Inchiesta: Rom in Italia

Comunità romena: a Roma lavoratori sommersi

Immigrazione Paola Simonetti 15/07/2008

Su Roma e provincia è il primo gruppo nazionale straniero con 62 mila presenze, ma è anche quello più colpito dal lavoro nero. Il 26% dei lavoratori dipendenti romeni, infatti, è sommerso nella Capitale, secondo l’indagine Caritas sulla comunità. Una situazione che, secondo il rapporto, non è strettamente legata all’anzianità di soggiorno: vivere nell’area romana anche da più di 10 anni non significa avere maggiori possibilità di regolarizzazione lavorativa.

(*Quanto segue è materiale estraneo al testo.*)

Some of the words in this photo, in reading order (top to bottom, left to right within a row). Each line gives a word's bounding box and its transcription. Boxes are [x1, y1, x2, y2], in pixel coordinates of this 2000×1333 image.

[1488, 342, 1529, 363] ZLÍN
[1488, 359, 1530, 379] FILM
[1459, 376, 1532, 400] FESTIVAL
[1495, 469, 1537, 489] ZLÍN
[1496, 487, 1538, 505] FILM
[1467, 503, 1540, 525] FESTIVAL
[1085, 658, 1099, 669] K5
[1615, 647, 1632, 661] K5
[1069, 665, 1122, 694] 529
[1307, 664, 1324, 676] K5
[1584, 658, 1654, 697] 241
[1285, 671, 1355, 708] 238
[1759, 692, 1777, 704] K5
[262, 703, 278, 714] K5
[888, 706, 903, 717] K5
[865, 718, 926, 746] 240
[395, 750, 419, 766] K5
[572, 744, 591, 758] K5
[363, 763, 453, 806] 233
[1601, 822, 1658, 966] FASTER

“Se a questa informazione – sottolinea il documento- si affianca il fatto che ben 3 intervistati su 5 (62,5%) hanno goduto di un procedimento di regolarizzazione (nella quasi totalità dei casi nel 2002), si evidenzia il forte coinvolgimento dei lavoratori romeni nelle dinamiche del lavoro nero, un coinvolgimento che appare più marcato rispetto all’insieme delle collettività soggiornanti nell’area romana considerate nell’indagine , con tutto ciò che ne consegue sul piano della tutela, della copertura assicurativa e contributiva e, più in generale, del percorso di inserimento socio-economico”.

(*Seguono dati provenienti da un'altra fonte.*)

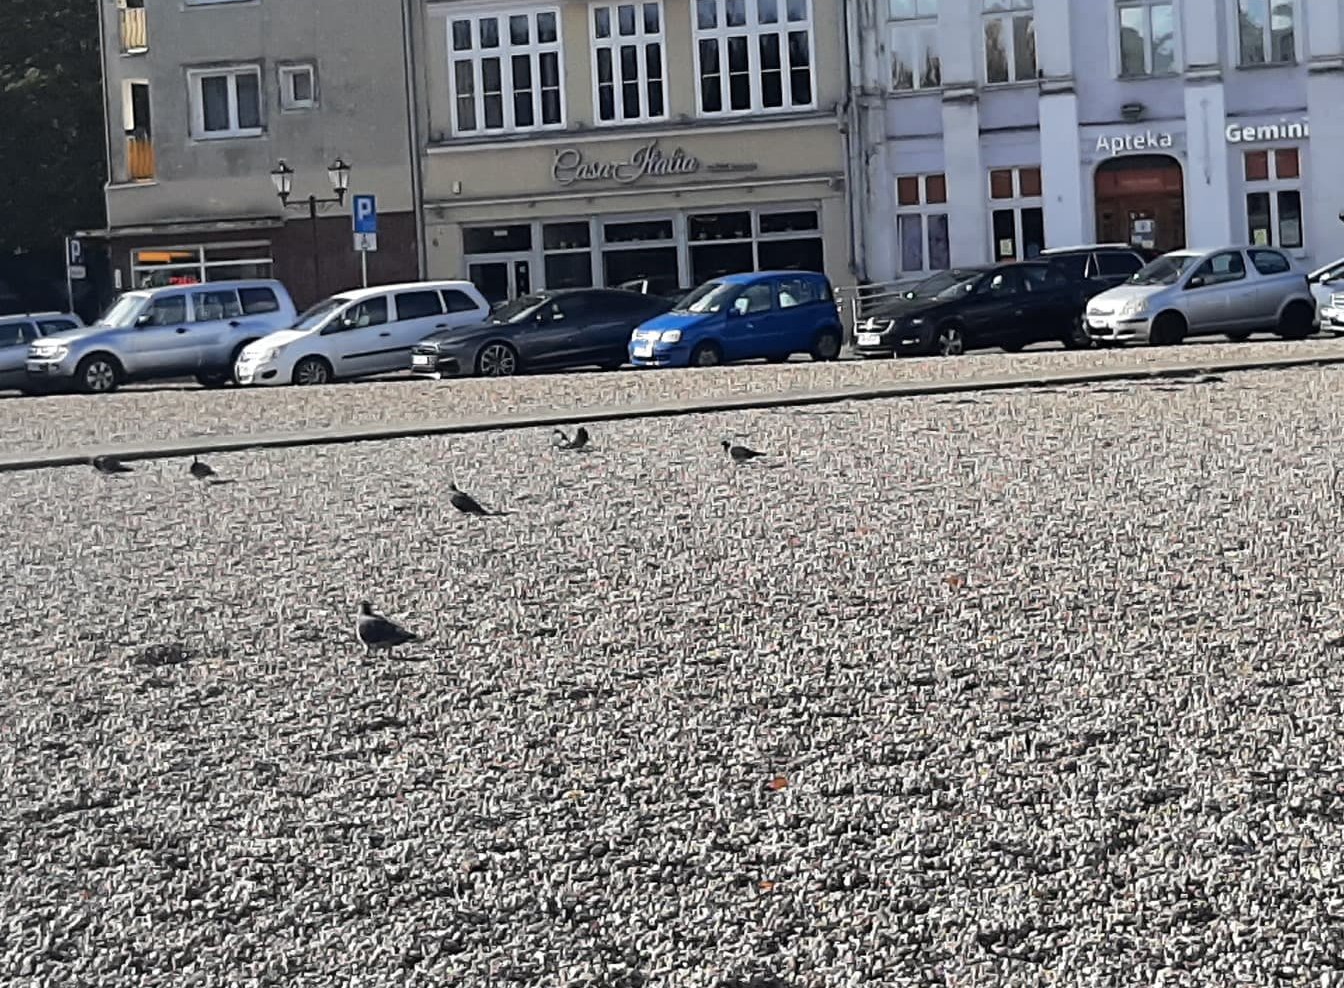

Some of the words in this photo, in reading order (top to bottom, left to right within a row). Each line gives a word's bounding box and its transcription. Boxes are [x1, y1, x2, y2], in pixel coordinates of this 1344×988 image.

[1096, 129, 1172, 155] Apteka
[1225, 116, 1310, 143] Gemini
[552, 147, 616, 186] Casa
[611, 139, 699, 184] Italia
[357, 197, 372, 220] P

Forme contrattuali precarie, sono dunque predominanti per i lavoratori romeni della Capitale. I lavoratori dipendenti sono l’87 per cento degli occupati, tra questi i contratti a termine sono il 32 per cento, suddivisi tra tempo determinato e atipici, mentre i contratti a tempo indeterminato non arrivano alla metà del totale (41,5 per cento contro il 57 per cento della media del totale degli immigrati). Precarietà che, in questo caso, non fa rima con flessibilità, tipica delle alte qualifiche, ma che si inserisce, secondo il rapporto, in ambiti occupazionali rifiutati dai lavoratori locali perché a basso contenuto tecnologico e innovativo, poco tutelati, segnati da un consistente carico di lavoro e mal pagati.

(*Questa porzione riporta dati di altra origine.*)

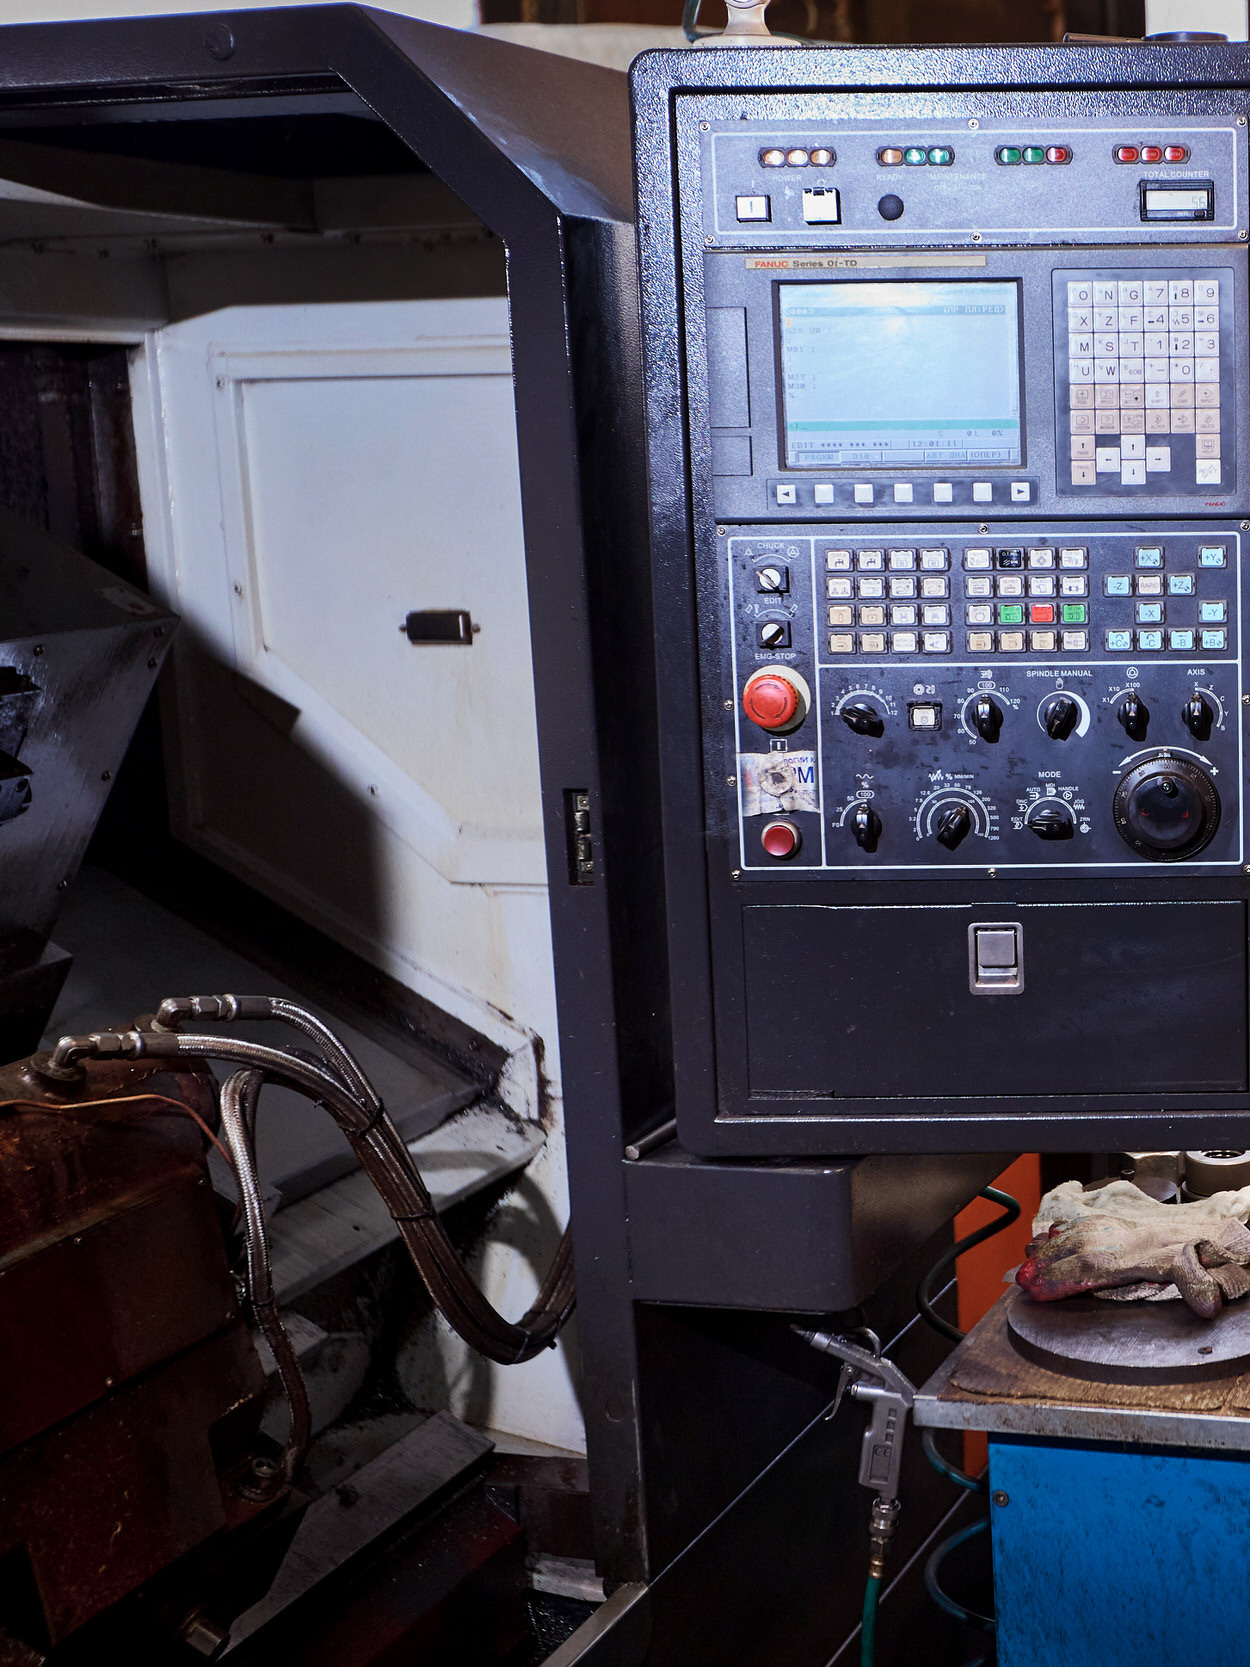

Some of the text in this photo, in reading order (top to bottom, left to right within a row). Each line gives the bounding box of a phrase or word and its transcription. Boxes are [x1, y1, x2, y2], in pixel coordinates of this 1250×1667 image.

[1170, 170, 1209, 178] COUNTER
[1104, 290, 1113, 300] N
[1129, 290, 1138, 300] G
[1156, 288, 1164, 298] 7
[1181, 288, 1189, 298] 8
[1206, 288, 1215, 298] 9
[1080, 316, 1088, 326] X
[1105, 316, 1113, 326] Z
[1130, 316, 1138, 325] F
[1156, 314, 1164, 323] 4
[1181, 314, 1190, 323] 5
[1207, 314, 1215, 323] 6
[1080, 342, 1089, 352] M
[1105, 341, 1114, 351] S
[1130, 341, 1139, 351] T
[1157, 340, 1162, 349] 1
[1182, 340, 1190, 349] 2
[1207, 339, 1216, 349] 3
[1081, 366, 1090, 376] U
[1105, 366, 1116, 376] W
[1113, 582, 1122, 591] -Z
[1173, 581, 1184, 590] +Z
[1145, 610, 1155, 618] -X
[1208, 609, 1217, 617] -Y
[1145, 639, 1155, 647] -C
[1177, 639, 1186, 647] -B
[1204, 639, 1216, 647] +B

Edilizia (32,5%), lavoro domestico e assistenza alla persona (11 per cento e 8%) i principali comparti in cui sono impiegati i romeni in Italia. Il reddito medio dichiarato dagli intervistati si rivela al di sotto del livello di povertà stabilito dall’Istat: 979 euro mensili per una famiglia di tre persone rispetto ai 970,34 euro segnalati dall’istituto di statistica per una famiglia di due persone e in 1.290,55 per una di tre componenti. Un fardello economico che si aggrava con la il mantenimento di familiari in patria: il 55 per cento degli intervistati dichiara di inviare denaro mediamente per altri due componenti la famiglia, genitori, fratelli e figli, ai quali destina poco meno del 15 per cento del proprio reddito annuo da lavoro.

Ma per molti di loro sacrificio economico significa anche qualche frutto non di poco conto: l’11,5 per cento degli intervistati, infatti, è riuscito a comprare una casa, acquistata 7 volte su dieci attraverso un mutuo. Sono persone con un reddito superiore ai 1000 euro e in Italia da più di cinque anni. Tuttavia il 65% degli immigrati romeni vive in affitto, spendendo di media 509 euro per un appartamento, 394 per una stanza e 220 per un posto letto.

I due terzi dei romeni intervistati vivono sul territorio metropolitano di Roma (67%), concentrati nelle aree che si estendono a sud-est del centro cittadino lungo la via Casilina e la Prenestina e quelle di Tor di Quinto, Labaro e La Storta verso nord, mentre il terzo restante si distribuisce sul territorio provinciale con una certa predilezione per i Comuni del litorale a nord della città.